Biographical details
- Born: March 20, 1894 Carthage, Illinois, U.S.
- Died: November 8, 1972 (aged 78) La Jolla, California, U.S.

Playing career

Football
- 1914–1915: Illinois

Baseball
- 1915–1916: Illinois
- Position: Quarterback (football)

Coaching career (HC unless noted)

Football
- 1916: Kansas (assistant)
- 1919: Illinois (assistant)
- 1920: Michigan Agricultural
- 1921–1925: Kansas
- 1926: Minnesota (associate HC)
- 1927–1929: Butler
- 1931–1936: Portsmouth Spartans / Detroit Lions
- 1937–1938: Brooklyn Dodgers
- 1940: Detroit Lions
- 1945: Nebraska
- 1948: Nebraska

Baseball
- 1920: Illinois
- 1921: Michigan Agricultural
- 1922–1925: Kansas
- 1927: Minnesota
- 1928: Butler

Administrative career (AD unless noted)
- 1927–1930: Butler
- 1948–1953: Nebraska

Head coaching record
- Overall: 40–45–7 (college football) 64–42–12 (NFL) 71–55–3 (college baseball)
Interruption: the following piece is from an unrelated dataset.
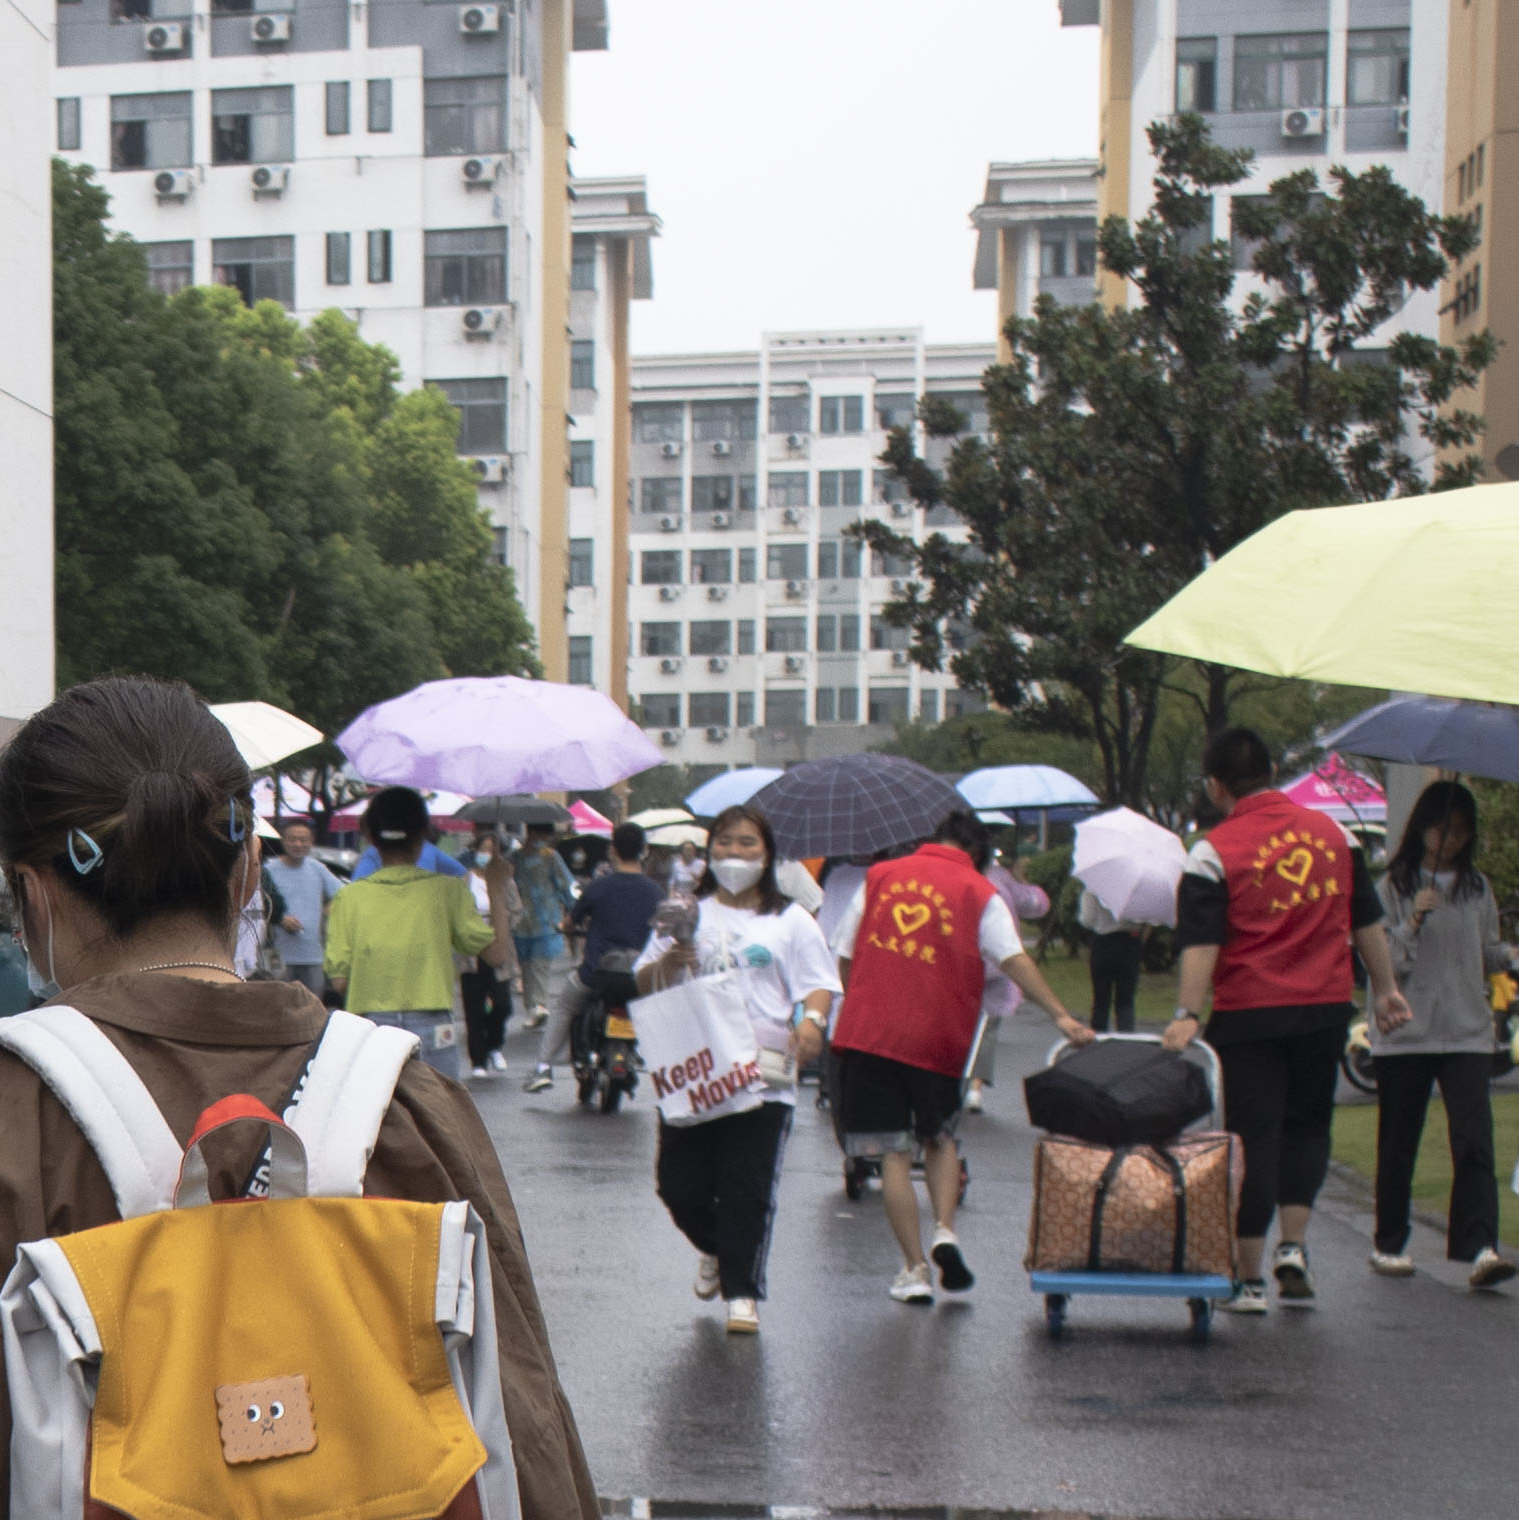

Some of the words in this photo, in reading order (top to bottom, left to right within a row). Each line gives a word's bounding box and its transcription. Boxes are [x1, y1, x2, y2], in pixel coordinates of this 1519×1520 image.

[866, 931, 938, 964] 人文学院
[651, 1047, 715, 1100] Keep
[687, 1060, 762, 1115] Movin
Accomplishments and honors

Championships
- Football 1 NVC (1923)

Awards
- Third-team All-American (1914); First-team All-Western (1914);

= George Clark (American football coach) =

American football coach (1894–1972)

George M. "Potsy" Clark (March 20, 1894 – November 8, 1972) was an American football and baseball player, coach, and athletics administrator. He served as the head football coach at Michigan Agricultural College, now Michigan State University, (1920), the University of Kansas (1921–1925), Butler University (1927–1929), and the University of Nebraska–Lincoln (1945, 1948), compiling a career college football record of 40–45–7. Clark was also the head coach of the National Football League's Portsmouth Spartans/Detroit Lions (1931–1936, 1940) and Brooklyn Dodgers (1937–1938), amassing a career NFL mark of 64–42–12. Clark's 1935 Detroit Lions team won the NFL Championship. From 1945 to 1953, Clark served as the athletic director at Nebraska.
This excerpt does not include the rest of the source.